Content starts
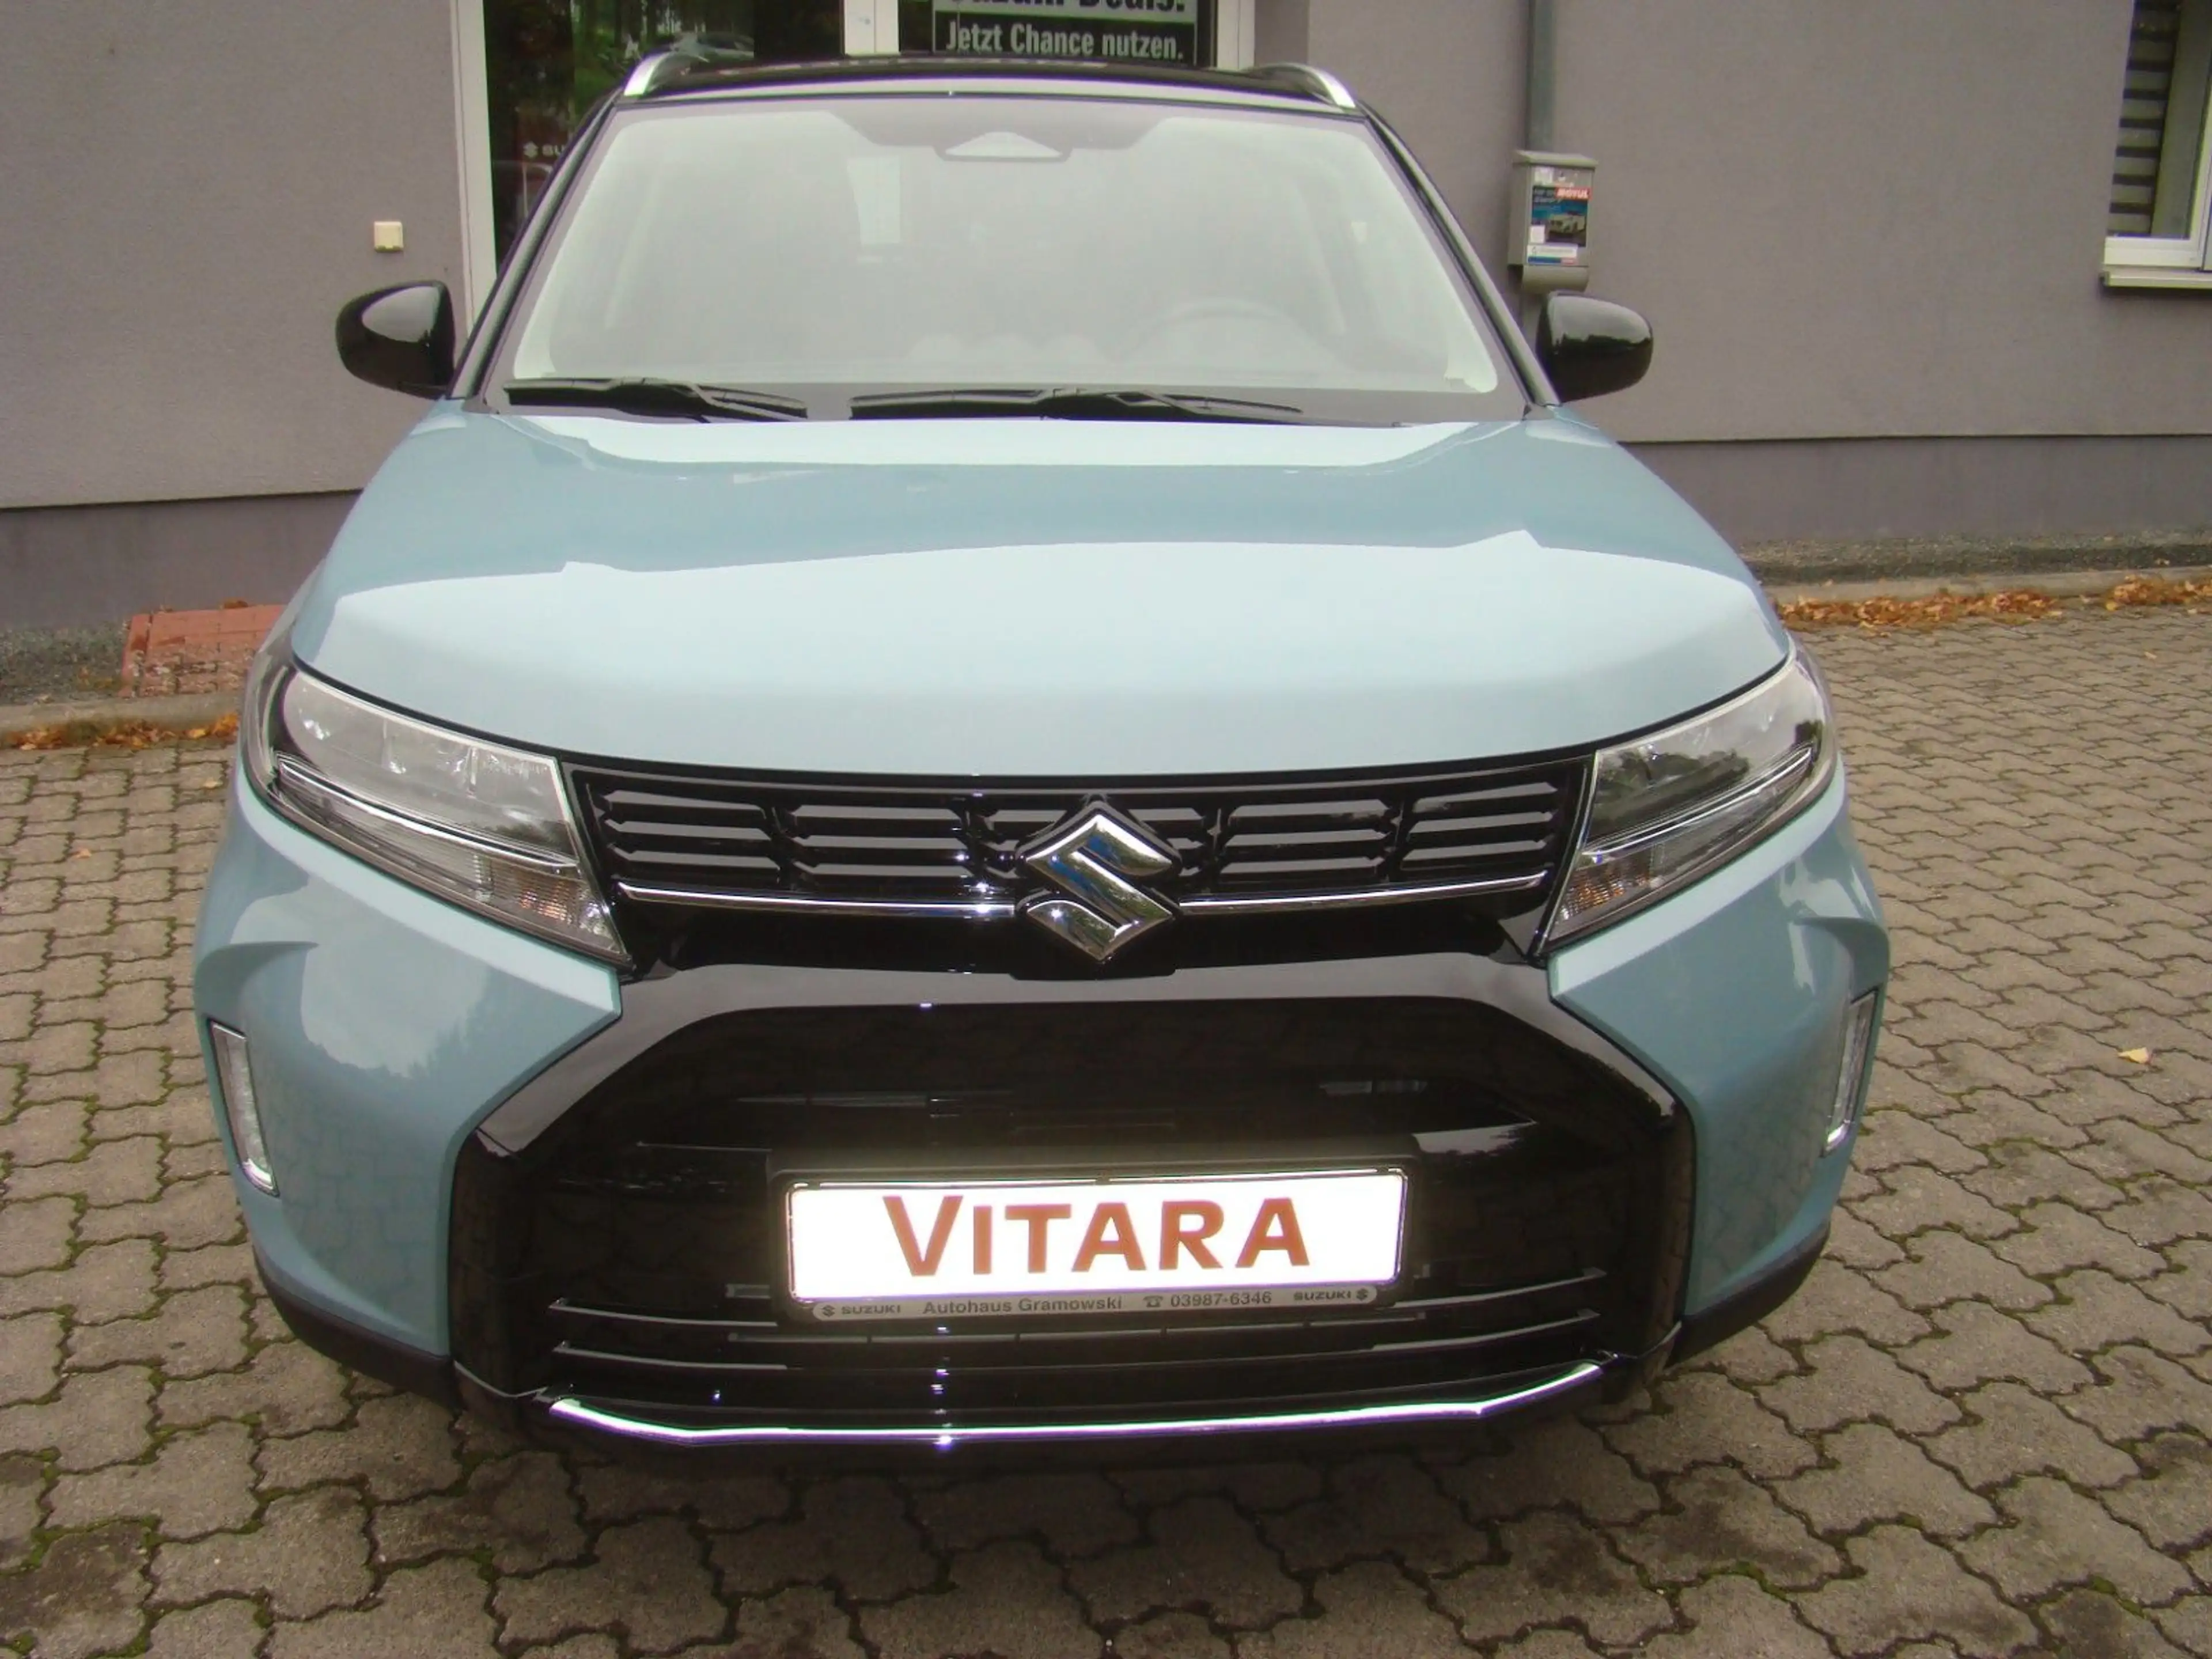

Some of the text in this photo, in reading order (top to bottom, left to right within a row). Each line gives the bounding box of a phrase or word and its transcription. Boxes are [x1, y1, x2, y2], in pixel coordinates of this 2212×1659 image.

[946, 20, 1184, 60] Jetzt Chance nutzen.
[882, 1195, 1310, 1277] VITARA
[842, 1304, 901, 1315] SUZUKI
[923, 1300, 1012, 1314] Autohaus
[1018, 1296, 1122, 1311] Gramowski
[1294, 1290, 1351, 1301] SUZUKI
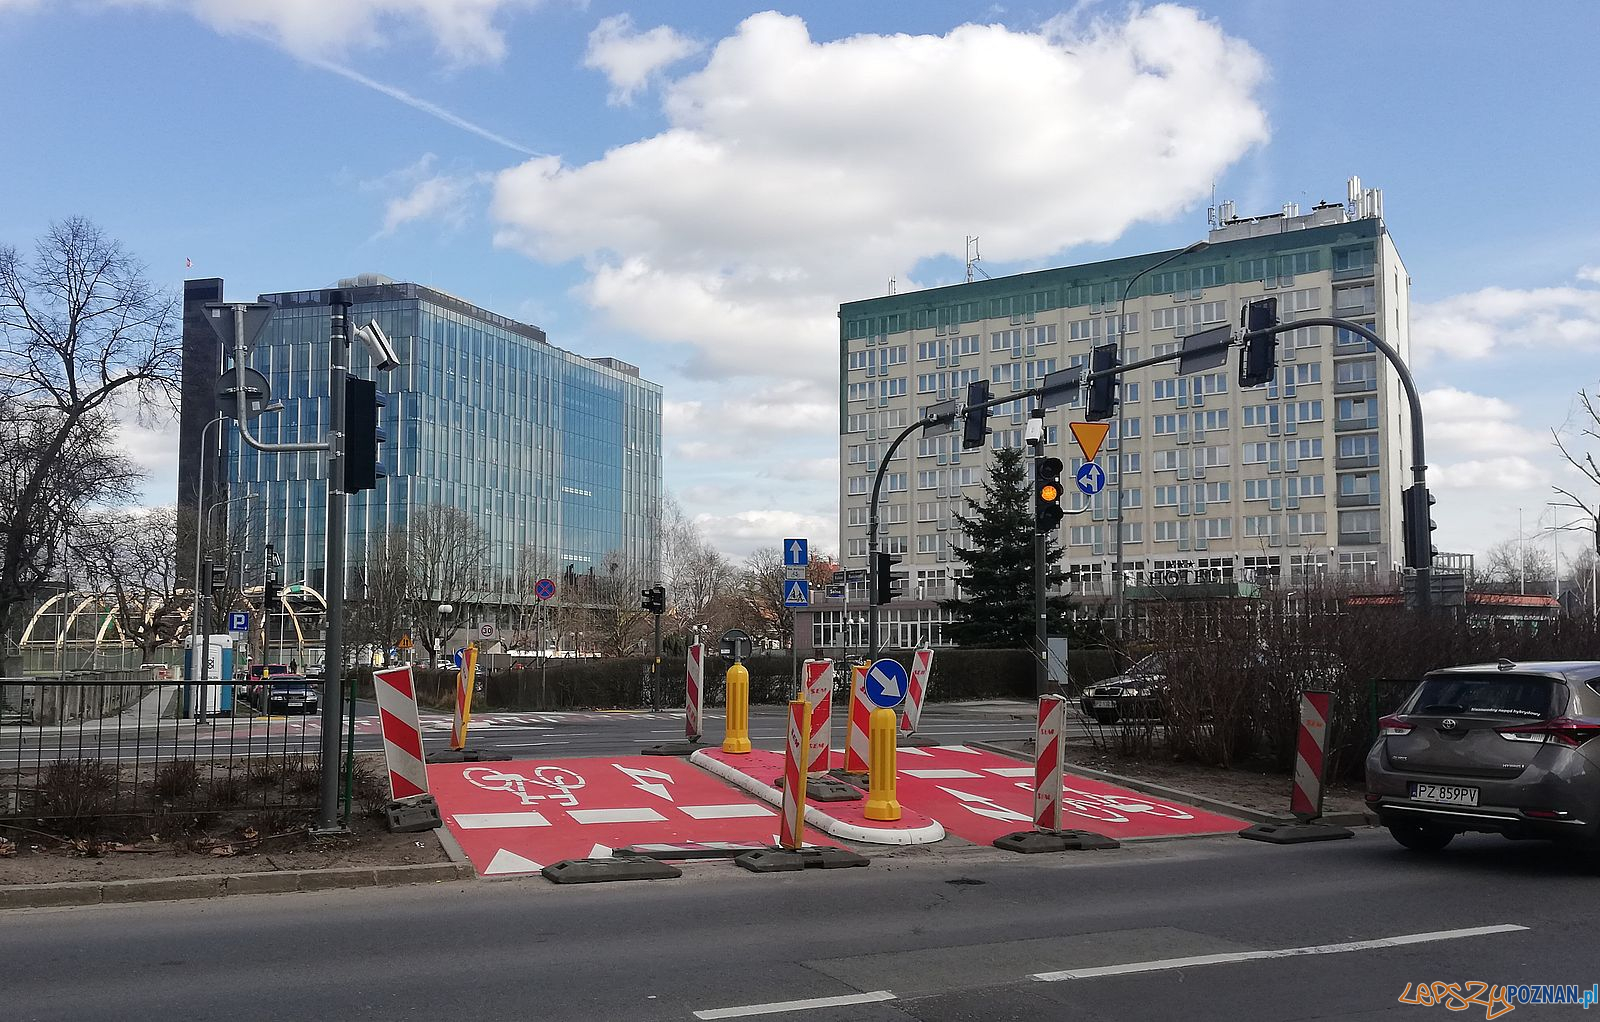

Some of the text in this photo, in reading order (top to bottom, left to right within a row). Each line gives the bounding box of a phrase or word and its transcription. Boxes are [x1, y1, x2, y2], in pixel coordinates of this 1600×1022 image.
Content ends
• Task prompt
What is needed is an exact output of the records above, with every picture left out.

• Exercise solution
Some of the text in this photo, in reading order (top to bottom, left to right within a row). Each line gives the bounding box of a phrase or word and its transcription. Boxes are [x1, y1, x2, y2], in pixel coordinates of this 2212×1659 image.

[946, 20, 1184, 60] Jetzt Chance nutzen.
[882, 1195, 1310, 1277] VITARA
[842, 1304, 901, 1315] SUZUKI
[923, 1300, 1012, 1314] Autohaus
[1018, 1296, 1122, 1311] Gramowski
[1294, 1290, 1351, 1301] SUZUKI

Some of the text in this photo, in reading order (top to bottom, left to right within a row). Each line gives the bounding box of a phrase or word and its transcription. Boxes are [x1, y1, x2, y2], in pixel coordinates of this 1600×1022 image.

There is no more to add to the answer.